Healthy Heart HabitsBy now, you surely know that eating a healthy diet, getting regular exercise, and controlling your cholesterol levels can help keep your heart in top shape. But did you know that these healthy heart habits can also cut your cancer risk?

According to researchers from Northwestern University Feinberg School of Medicine (NUFSM) in Chicago, individuals who live by the American Heart Association’s “Life’s Simple 7” steps for a healthy heart helps reduce your cancer risk by as much as 51 percent. They also found that benefits accrue to those who take even a few of the steps, with cancer risk going down with each added heart-healthy activity.
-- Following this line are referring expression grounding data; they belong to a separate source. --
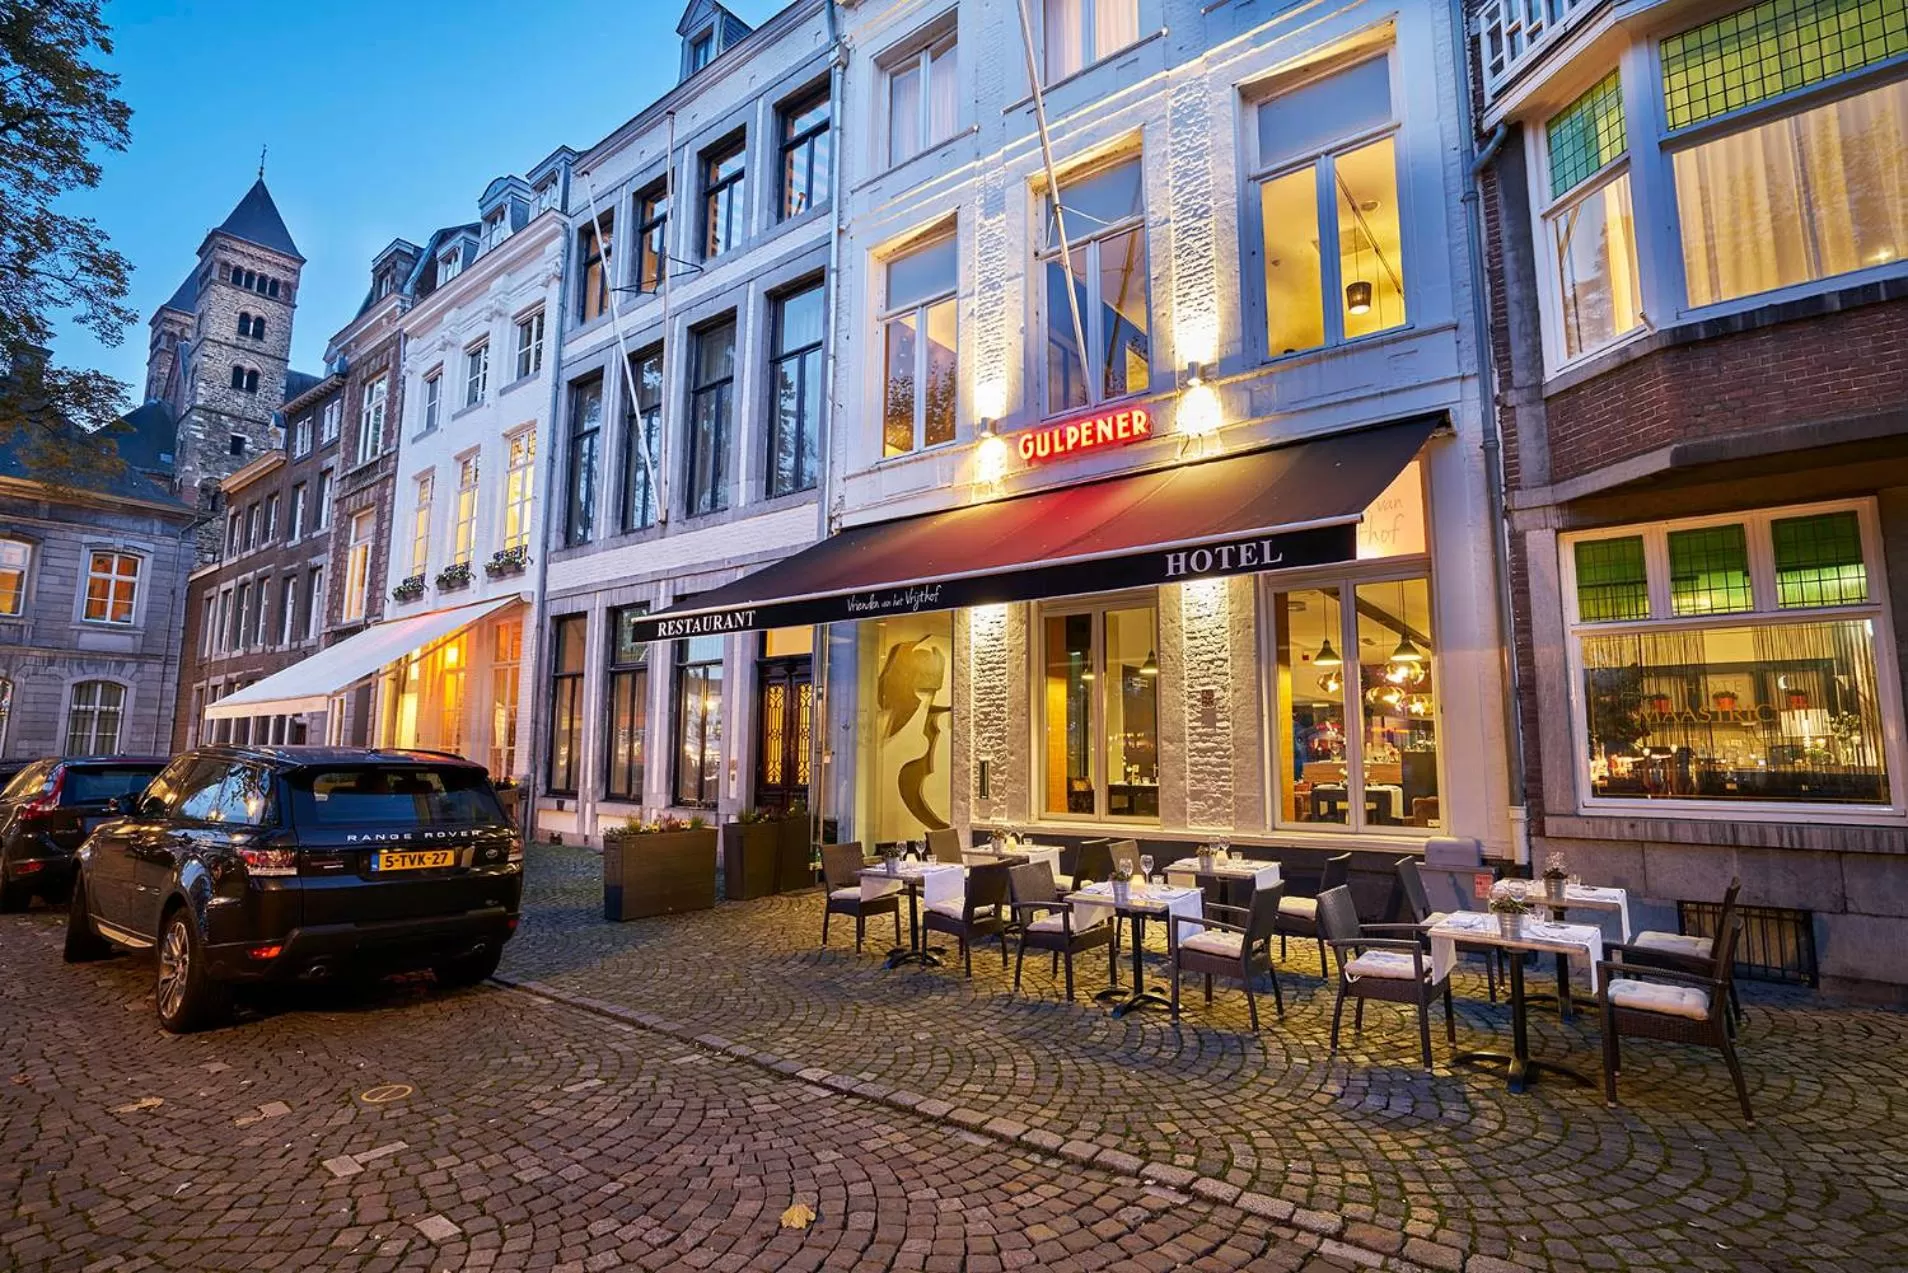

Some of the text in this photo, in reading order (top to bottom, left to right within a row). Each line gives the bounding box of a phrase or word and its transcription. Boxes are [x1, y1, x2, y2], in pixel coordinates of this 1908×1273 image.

[1018, 409, 1148, 461] GULPENER
[1165, 540, 1283, 577] HOTEL
[657, 610, 756, 637] RESTAURANT
[347, 830, 481, 841] RANGE ROVER
[385, 852, 449, 868] 5-TVK-27
“We were gratified to know adherence to the Life’s Simple 7 goals was also associated with reduced incidence of cancer,” said Laura J. Rasmussen-Torvik lead author and assistant professor at NUFSM in Chicago. “This can help health professionals provide a clear, consistent message about the most important things people can do to protect their health and lower their overall risk for chronic diseases.”

Life’s Simple 7 recommends the following steps for a healthy heart:

  • Being physically active.
  • Keeping a healthy weight.
  • Eating a healthy diet.
  • Maintaining healthy cholesterol levels.
  • Keeping blood pressure down.
  • Regulating blood sugar levels.
  • Not smoking.

The study, published in the AHA journal Circulation, analyzed health records of more than 13,000 white and African-American men and women participating in the Atherosclerosis Risk in Communities study. At the start of the program, participants were asked and examined to determine which health factors they possessed.

Twenty years later, researchers looked at the cancer registries and hospital records and found that 2,880 of the participants developed various types of cancers including breast, colon, and lung. The team found that participants who stuck to six or seven of the “Simple 7” factors cut their risk of cancer by 51 percent compared with participants who met none of the factors. Those who met four factors led to a 33 percent risk reduction while those who met one or two criteria reduced their risk by 21 percent.

“We’re trying to help promote a comprehensive health message,” Rasmussen-Torvik said. “Quitting smoking is very important, but there are other factors you need to be aware of if you want to live a healthy life.

“This adds to the strong body of literature suggesting that it’s never too late to change, and that if you make changes like quitting smoking and improving your diet, you can reduce your risk for both cardiovascular disease and cancer.”